Figure 5. Effects of methylnaltrexone on spontaneous activity of dorsal horn neurons and CPP to dermorphin [D-Arg2, Lys4] (1–4) amide (DALDA) in nerve-injured rats.

(A) Upper: Peri-stimulus time histogram shows the spontaneous activity of a WDR neuron in an SNL rat before and 0–30 min after DALDA treatment (10 mg/kg, s.c.). Bin size: 10 s. Lower: The spontaneous activity rates of WDR neurons in SNL rats were significantly decreased at 20 and 30 min after treatment with DALDA (10 mg/kg, s.c., n=8), but not saline (n=8).

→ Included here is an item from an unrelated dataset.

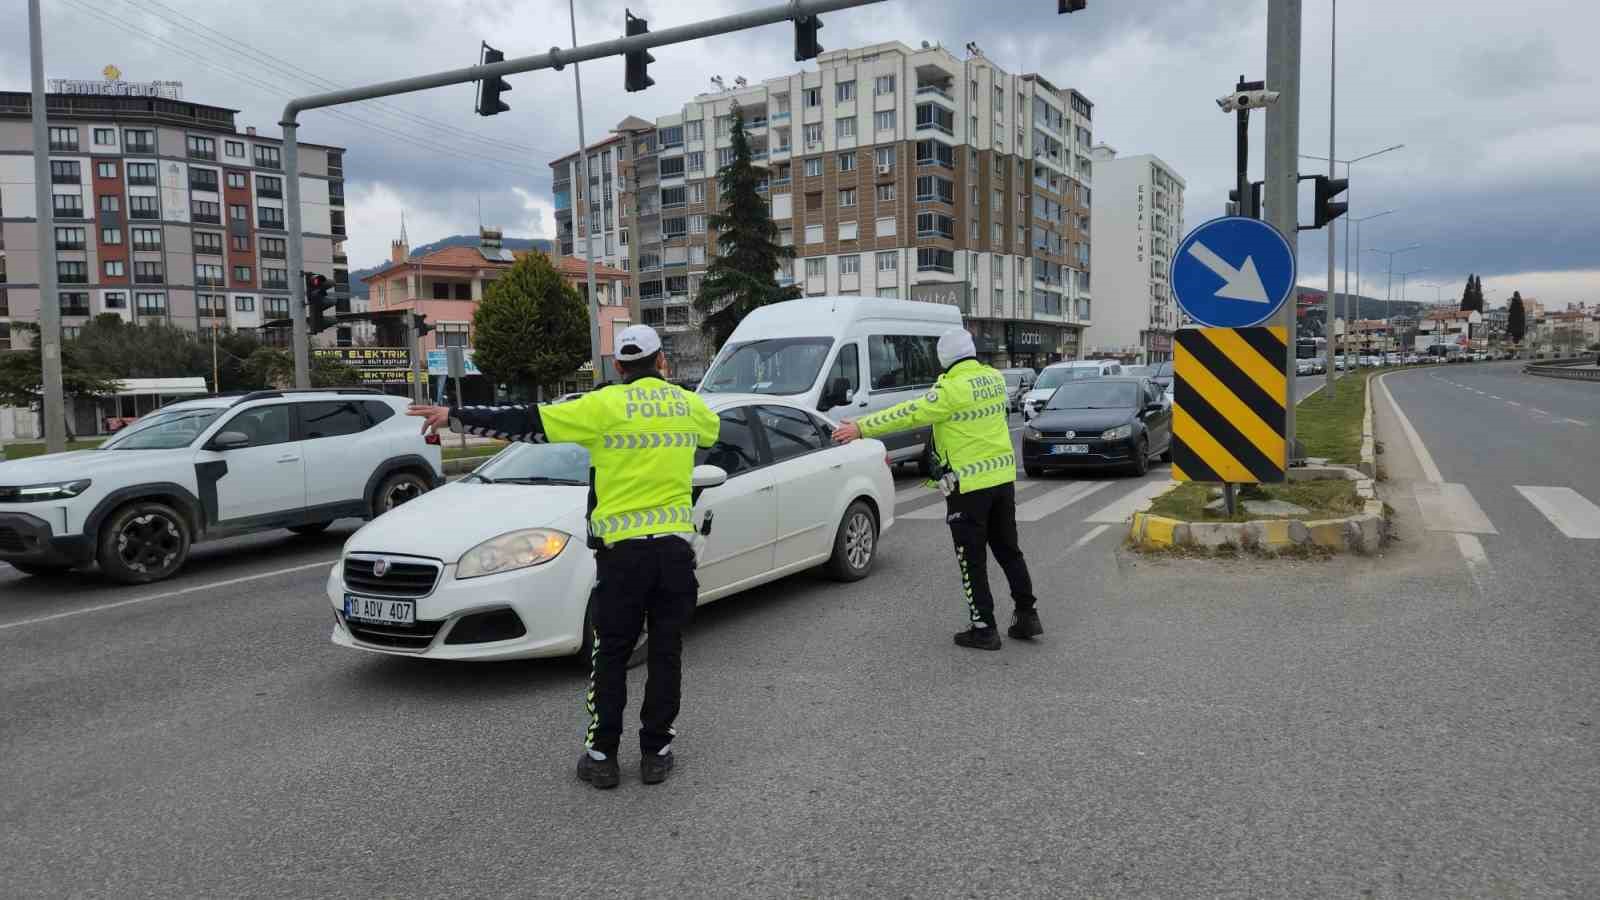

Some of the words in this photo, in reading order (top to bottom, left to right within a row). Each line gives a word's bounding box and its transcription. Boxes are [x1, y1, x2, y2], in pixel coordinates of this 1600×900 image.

[351, 598, 360, 615] 10
[365, 601, 383, 618] ADV
[391, 602, 411, 620] 407

The inhibitory effect of DALDA was blocked by methylnaltrexone (5 mg/kg, n=9, i.p., 10 min pretreatment). Two-way mixed-model ANOVA with Bonferroni post hoc test, *P < 0.05 versus baseline. (B) Pretreatment with methylnaltrexone (5 mg/kg, n=9, 10 min, i.p.), but not saline (n=7), blocked CPP to DALDA (10 mg/kg, s.c.) in SNL rats. (C) The difference scores of time spent in the DALDA-paired and saline-pared chambers. Two-way repeated measures ANOVA with Bonferroni post hoc test, *P < 0.05, **P < 0.01, ***P < 0.001 versus the indicated group or the saline-paired chamber. Data are expressed as mean ± SD. ANOVA, analysis of variance; APs, action potentials; CPP, conditioned place preference; i.p., intraperitoneal; MNTX, methylnaltrexone; s.c., subcutaneous; SNL, spinal nerve ligation; WDR, wide-dynamic range.